集団の先頭にいる見た目がリーダーっぽい肉体をもった男が、膝をついて頭を下げる。
他の連中も同じように、片膝をつけて頭を一斉に下げ始めた。
「鳥の人と書いて鳥人! 頭は、おいら『ガルダ』である。よろしくお願いする」
「鳥の人、鳥人だって?」
〈鳥人は鬼人と同じ、数少ない種族ですー。特徴は何と言っても……〉
「翼が生える! バサッ!」
「いきなりなんだ!?」
助手の説明を遮って、行われたのは正面の鳥人たちに翼が生えたことである。
背中から大きく広げている。
なんとなくだが、理解したぞ。
「エンタープライズに、家が欲しいということだな」
「その通りである。もちろん、この国のために尽くそう!」
「アイソトープ! 彼らを案内してやってくれ」
「かしこまりました。鳥人の皆さま、こちらへ」
「おお、ありがたいことだ! 感謝する」
「「「感謝、感謝」」」
鳥人は翼を戻し、アイソトープの後を追う。
なんか押し切られて、泣く泣く了承した気分だ。
奇妙な連中に見えたが、なんとなく強そうだと感じた。
しばらく様子見だな。
「ラヴファースト、あいつらはいったいどこで」
「兵士の遠征で出会ったそうだ。鳥人は数こそ少ないが、戦力としては申し分ない。女も子供もな。鍛えれば、エンタープライズの発展に貢献することは間違いない。作戦にも幅が広がる」
「なら、多くの者がお前のところに行くのかな。そうなったら、教育を頼む」
「分かった」
一言発して、扉の向こうに消えていった。
新たな種族……どうやら既に、鬼人とも人間とも打ち解けているみたいだ。
余計な心配は無用だな。
さて、この一か月間の出来事と、エンタープライズについてをまとめる時間にしようか。
近くのメイドに熱々のコーヒーを注文して、贅沢極まりない机を前にして椅子に座る。
さっきとは違うメイドに声をかけ、白紙とペンを用意させた。
そして、すぐに湯気の立つコーヒーが運ばれ、ちょっとずつ啜りながら整理整頓することにしよう。
エンタープライズは、ミミゴンを王とする国家。
人間の国グレアリング王国や、ドワーフの国リライズには認識されている。
印象は悪くないが、良くもないはず。
現在、国民の数は……たくさん。
鬼人、人間、ドワーフ……そして、新たに鳥人が加わった。
これまでの話に伏線はなく、予想の斜め上の展開で鳥人が出てきたが、まあよしとしよう。

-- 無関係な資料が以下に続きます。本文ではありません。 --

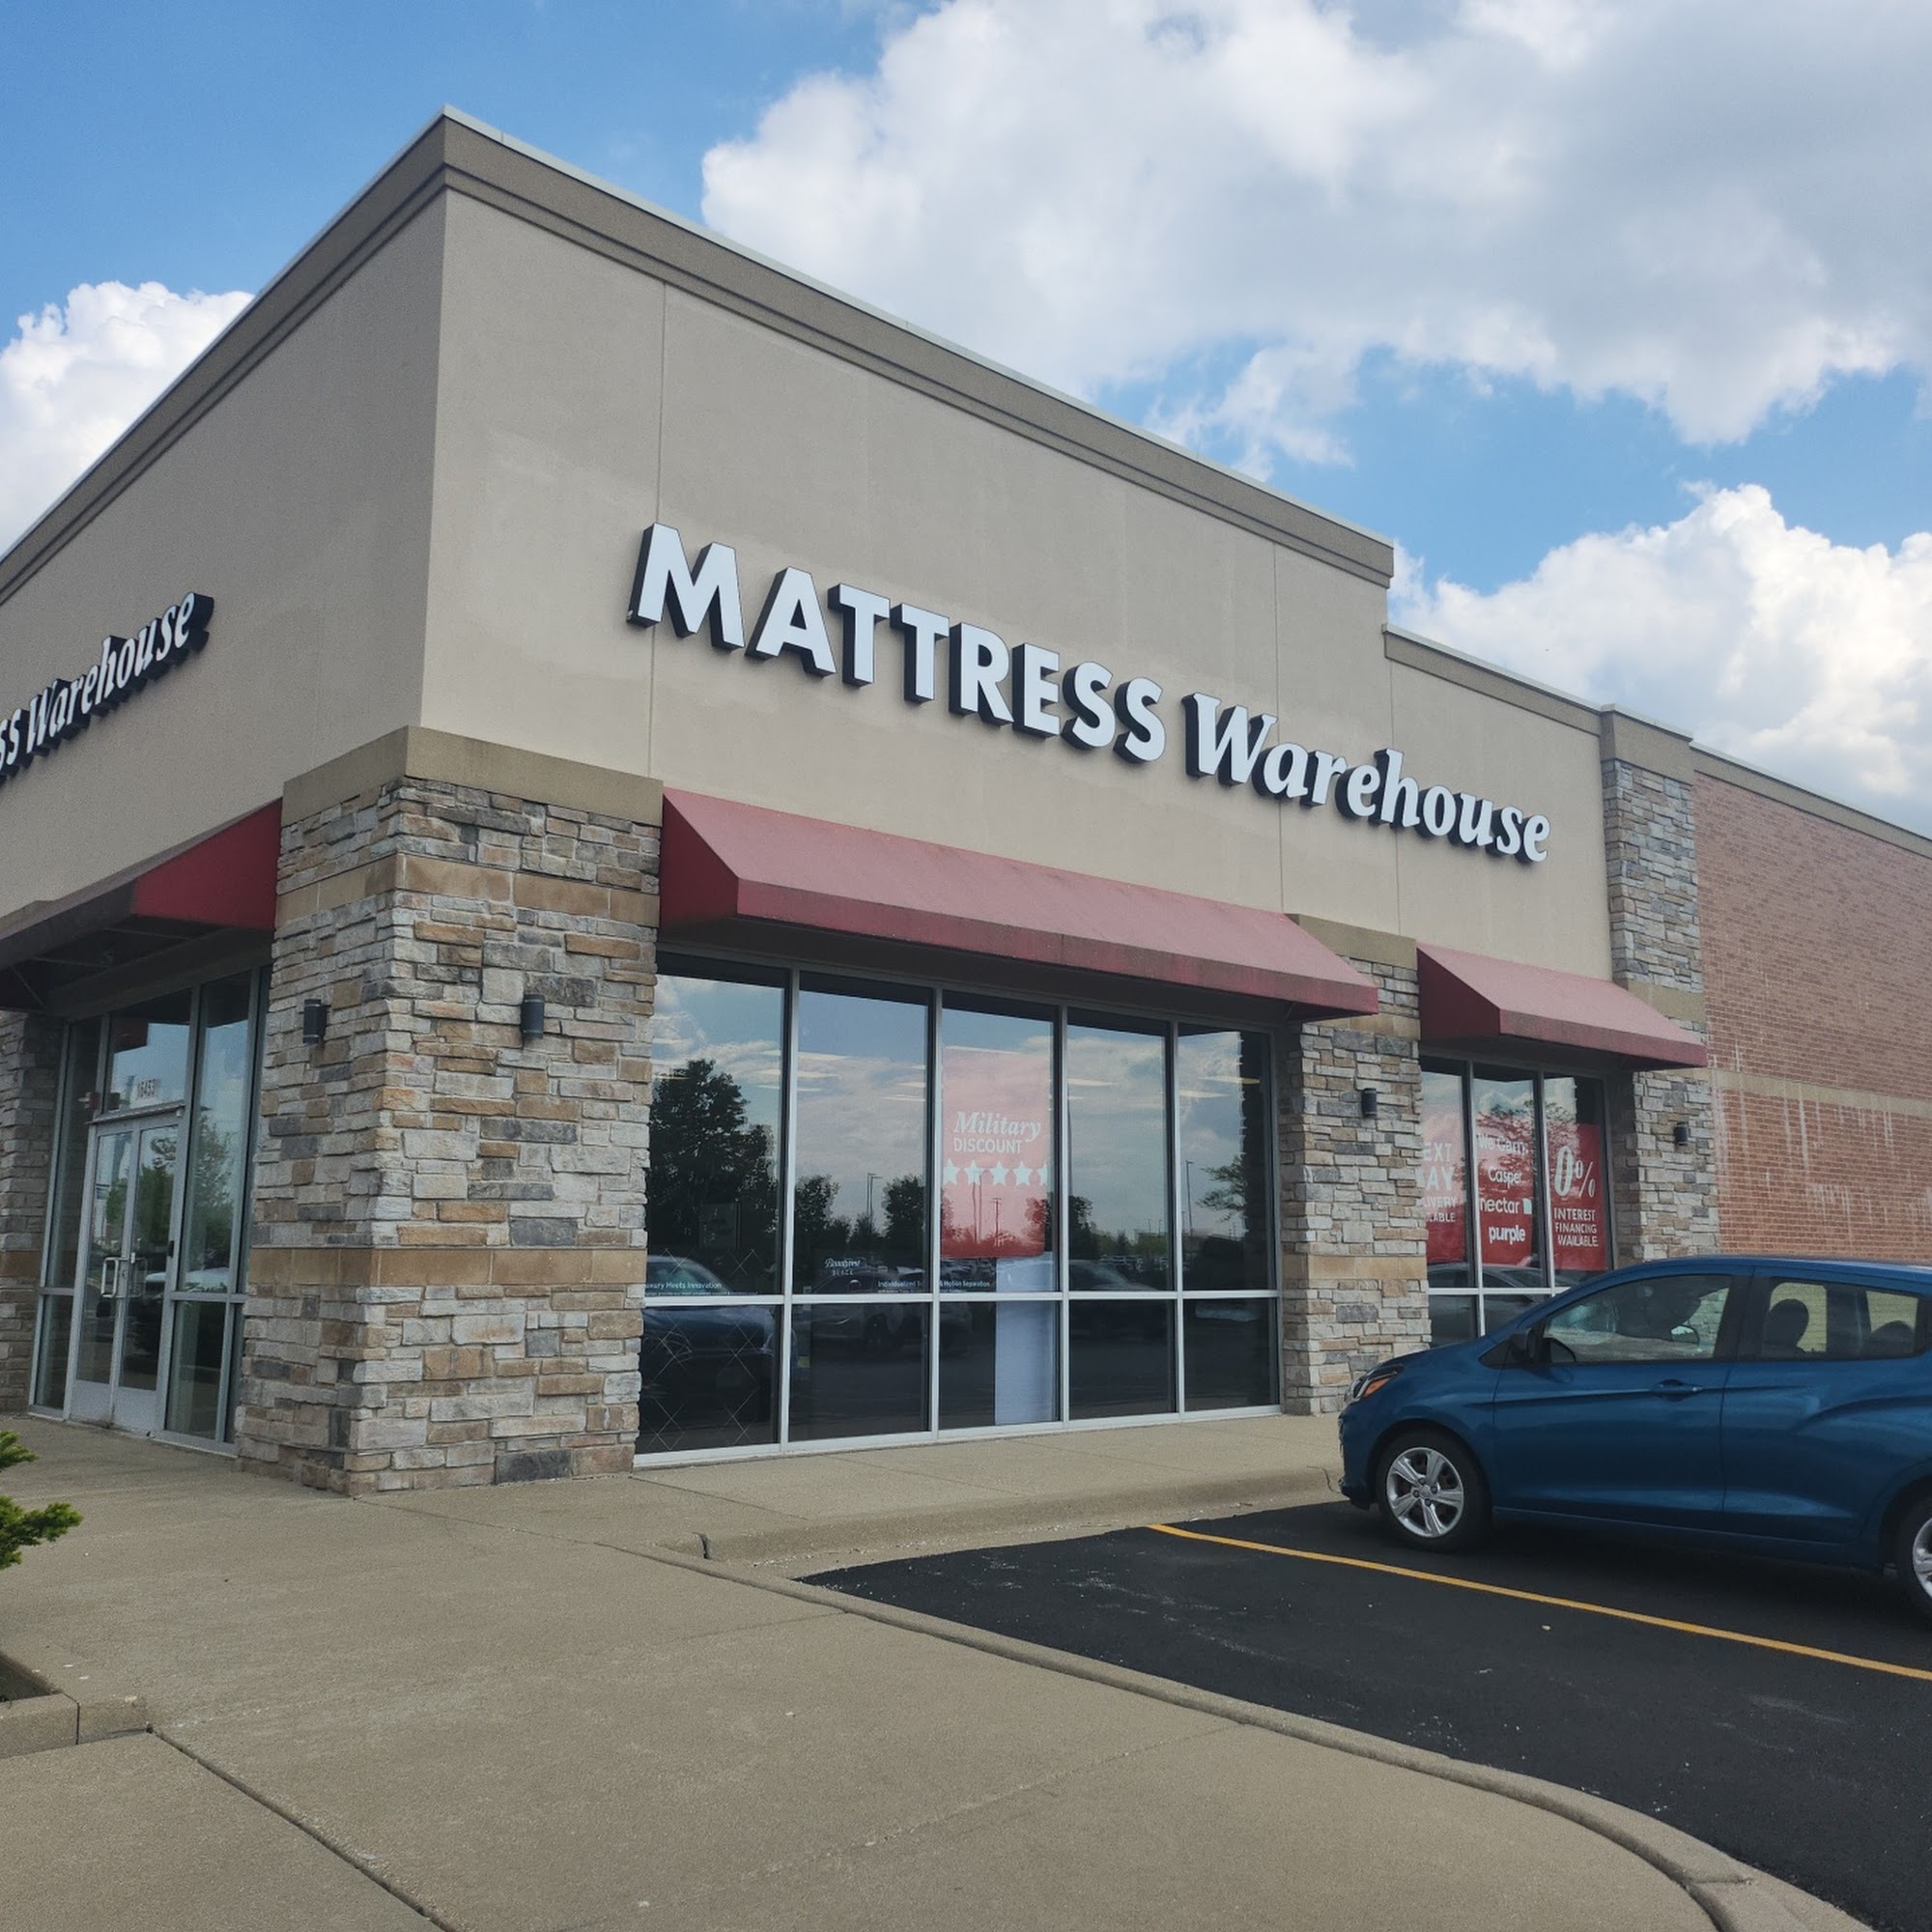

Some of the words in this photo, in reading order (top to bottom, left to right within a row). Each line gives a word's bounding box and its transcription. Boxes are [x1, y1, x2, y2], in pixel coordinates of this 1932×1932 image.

こんな風に、唐突な訪問者にも家を用意するのが、エンタープライズの良いところでもある。
エンタープライズを住居とする国民には、四つのどれかに所属してもらっている。
奉公先とでもいうのだろうか、職場のことである。
一つが、ラヴファースト率いる『エンタープライズ国防軍』。
役割は国の自衛、社会活動――被災地の支援、復興等――、そして……侵略だ。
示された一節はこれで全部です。